It’s now been 435 days since Bobby Shmurda — the Brooklyn rapper who rose to viral stardom with his No. 6-peaking summer 2014 hit “Hot N—a” — has been sitting in a New York City jail awaiting trial. After a long series of delays, his day in court was supposed to come Feb. 22, only for the trial date to be pushed back again to May 11 — a date just shy of 17 months since his initial arrest on conspiracy and weapons charges. This week, Shmurda spoke with Revolt TV about the frustrations, delays and alleged Constitutional violations surrounding his case.
“I want everybody to know that I’m being targeted by police, the prosecutor, I’m being targeted by Manhattan judges, everything,” he says during the phone call, echoing statements he’s made in several interviews over the past year. “I feel like what they’re doing right now is what they do to a lot of people when they don’t have no case on them: they hold them for two or three years, tell them to just take time served or just take four years so you can hurry up and go home.”
The biggest point of contention for Shmurda, born Ackquille Pollard, and his fans has been his $2 million bail, the subject of more than half a dozen hearings and bail package applications that have each been denied by the Manhattan Supreme Court. “I looked up several laws pertaining to my case saying that my bail isn’t supposed to be high, and they’re violating the 8th Amendment with that,” Shmurda says, referencing the Constitutional right prohibiting the federal government from imposing excessive bail, fines or cruel and unusual punishment. “They have no evidence on me [to justify] a $2 million bail.”

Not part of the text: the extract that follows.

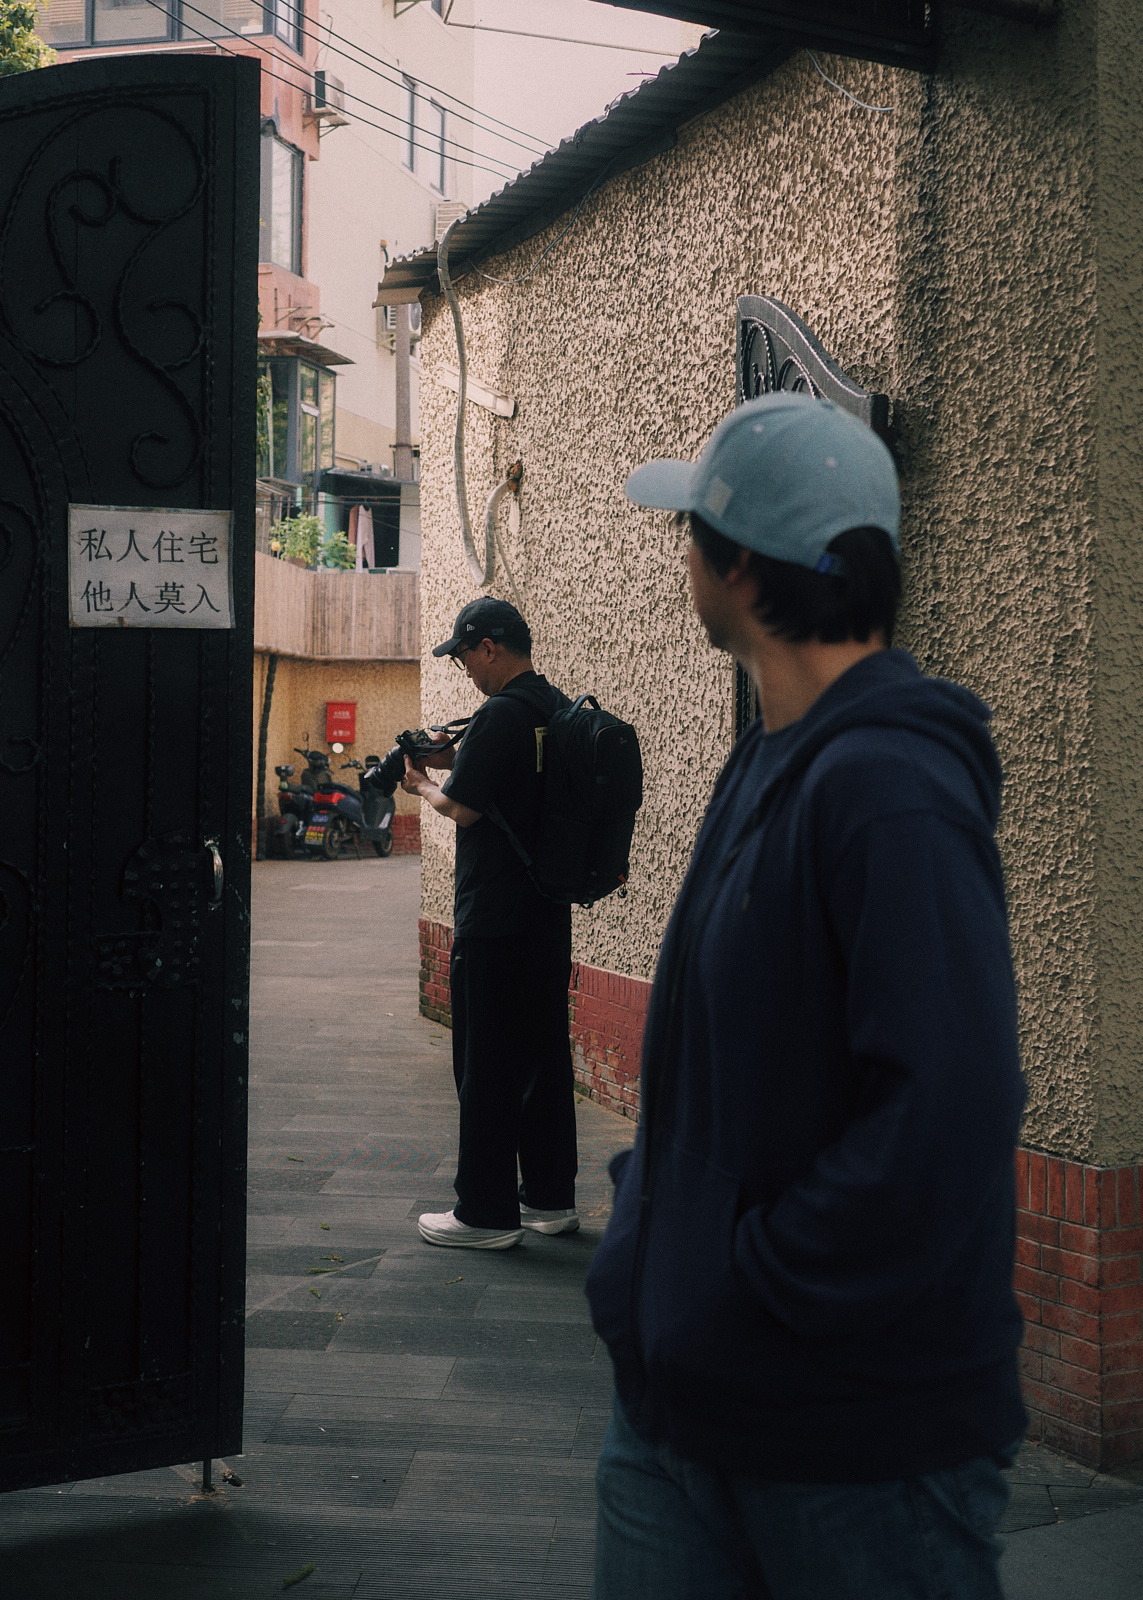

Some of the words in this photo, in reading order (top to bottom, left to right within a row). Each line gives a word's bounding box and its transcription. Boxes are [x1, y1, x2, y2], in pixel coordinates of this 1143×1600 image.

[80, 528, 219, 564] 私人住宅
[80, 580, 221, 614] 他人莫入

Fairness aside, a source tells Billboard there is “no real legal way” for Shmurda’s bail to be reduced at this point — particularly as the case inches closer to trial — as the Court’s initial decision was confirmed on appeal. “The question of bail has been fully litigated up to the appellate level,” Kati Cornell, a spokesperson for the Office of the Special Narcotics Prosecutor, which is leading the city’s case, told Billboard in an email. “I would direct you to the court record on that.”
Shmurda also questioned why he’s being tried in a Manhattan court when the alleged crimes occurred in Brooklyn and why it’s being handled by a narcotics prosecutor in the first place. “All of this is claims,” he says. “I got a narcotics D.A. and there’s no drugs caught in this case. There’s no drugs, no kingpin charges. Nothing.”

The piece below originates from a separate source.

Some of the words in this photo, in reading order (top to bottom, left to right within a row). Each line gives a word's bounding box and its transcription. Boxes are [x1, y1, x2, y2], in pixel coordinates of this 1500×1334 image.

The drug connection echoes a point made by the rapper’s lawyer Alex Spiro at a court hearing Jan. 11. He argued that because prosecutors declined to pursue an allegation of cocaine possession against his client, the drug conspiracy charges rested solely on taped phone calls made from Riker’s Island by third parties. At the time, Spiro also claimed that two detectives leading the case had “credibility issues” that included alleged 4th Amendment violations, evidence planting and false arrests in other cases within the last two years, which Cornell called “unspecified accusations.”

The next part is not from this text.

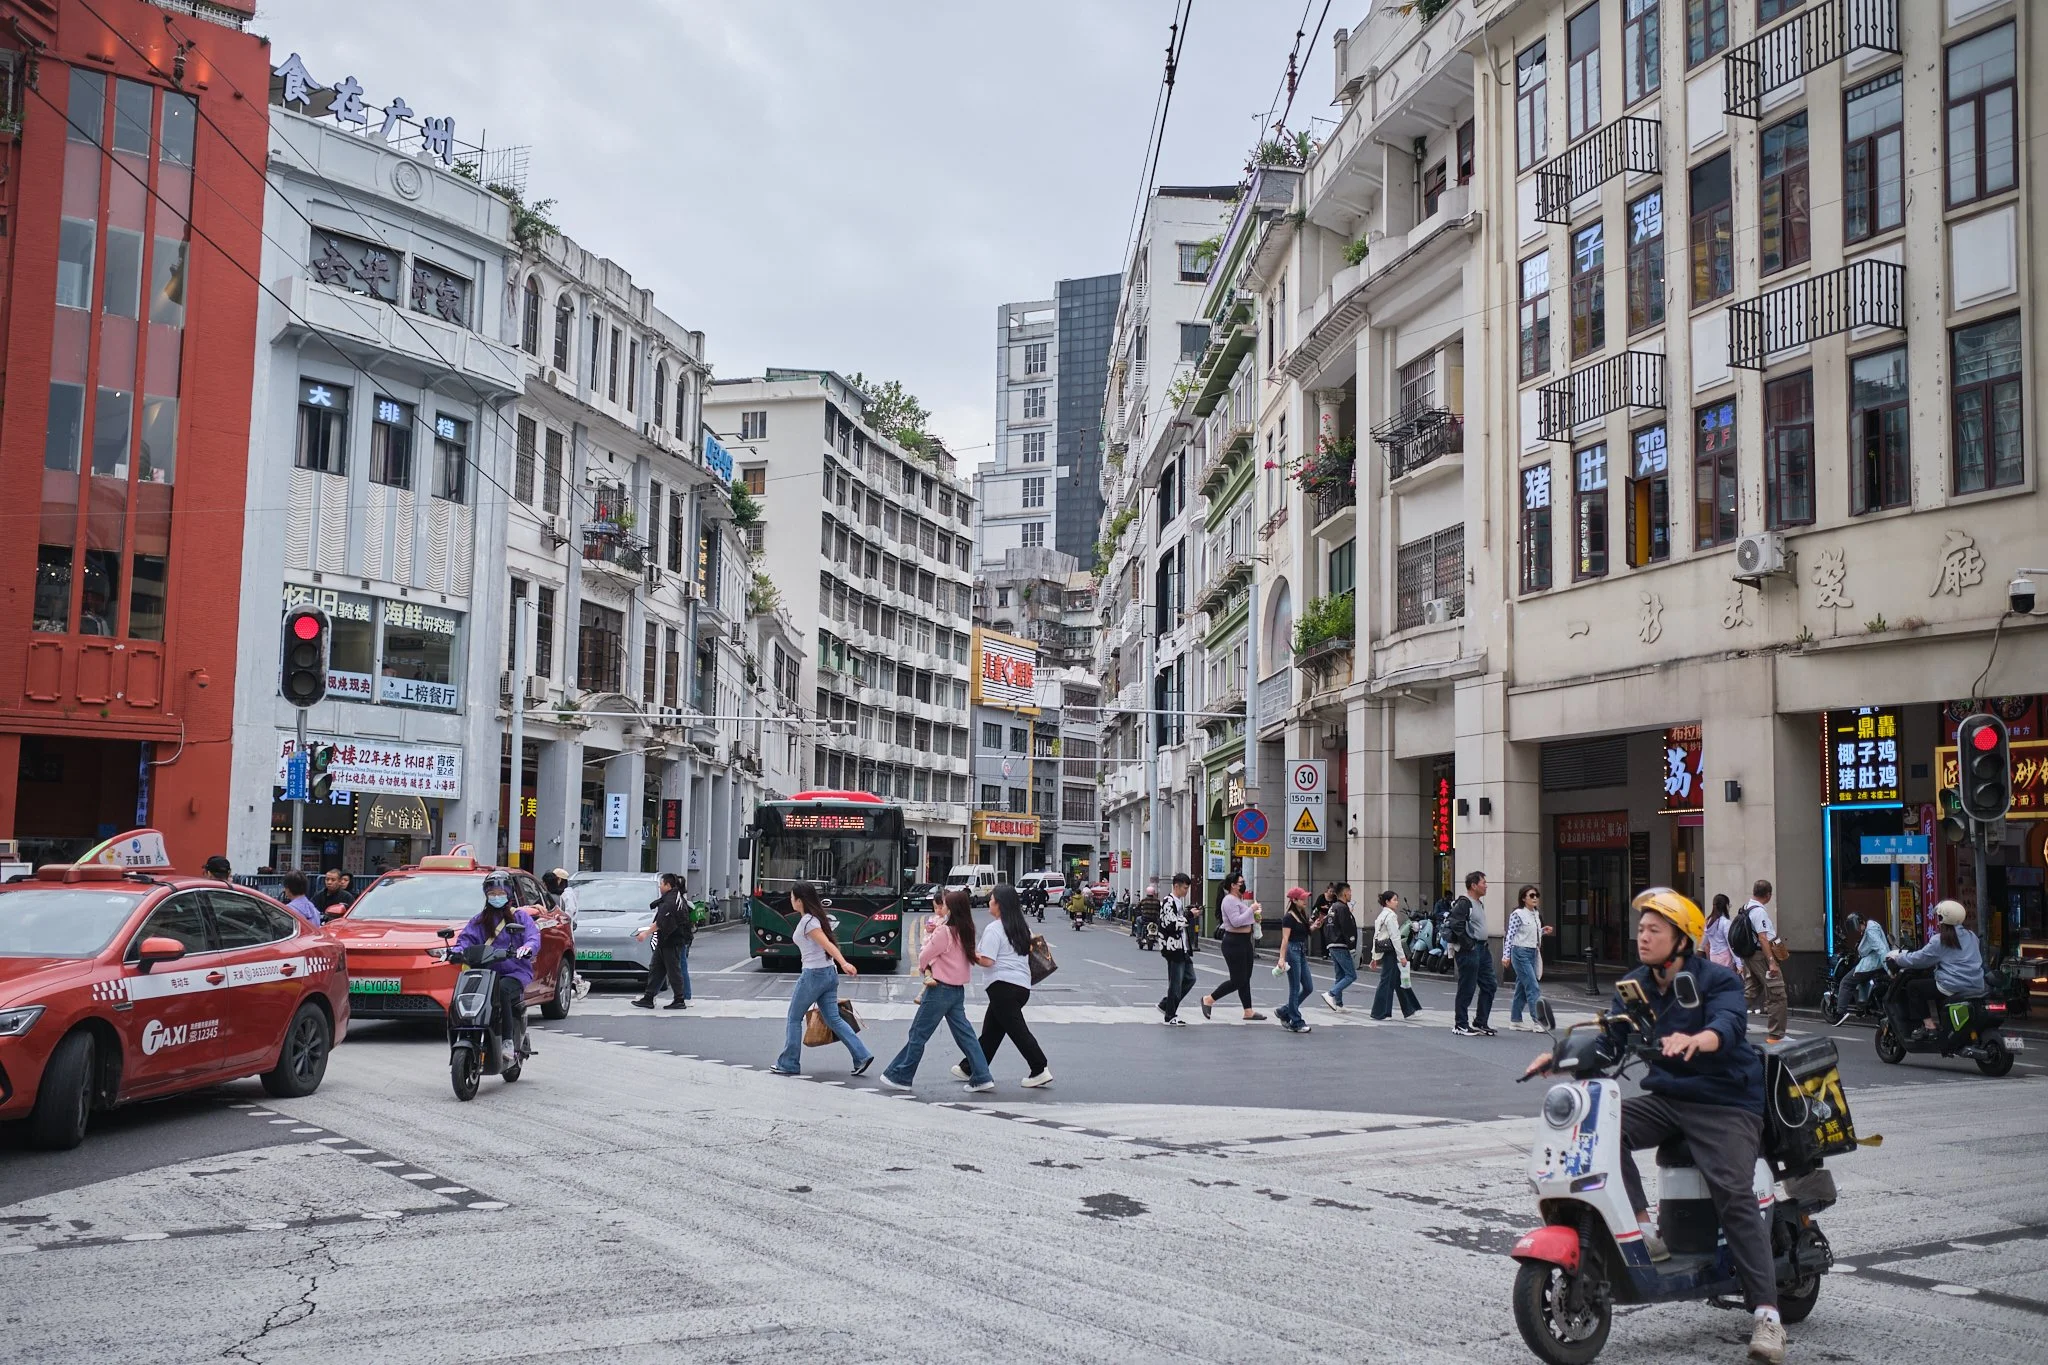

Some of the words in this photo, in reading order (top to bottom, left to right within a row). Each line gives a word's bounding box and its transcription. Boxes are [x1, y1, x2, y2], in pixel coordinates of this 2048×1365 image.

Meanwhile, the concern over Shmurda’s trial taking place in Manhattan rather than Brooklyn can be boiled down to a demographic issue, speaking to the defendant’s right to be tried by a jury of his peers. Kings County census data from 2014 estimates Brooklyn to be 49 percent white and 35 percent black, compared to 64.7 white and 18.3 percent black in Manhattan. Further, the city’s own data from 2013 puts the neighborhoods of East Flatbush and Brownsville — the Brooklyn areas in which the alleged crimes occurred — puts the percentage breakdown between 80 and 90 percent black and less than two percent white.
“The Office of the Special Narcotics Prosecutor has citywide jurisdiction. Because we are based in Manhattan, all of our cases are heard in Manhattan courts,” Cornell wrote in an email this morning explaining the borough switch. “As to [the] narcotics charges, the indictment includes charges of conspiracy to sell narcotics and criminally using drug paraphernalia.”
As of press time, Shmurda’s trial is “currently scheduled” to begin May 11, though as the case has proven time and time again, nothing is truly set in stone.
“I was targeted because of my rap music,” Shmurda says. “It’s crazy.”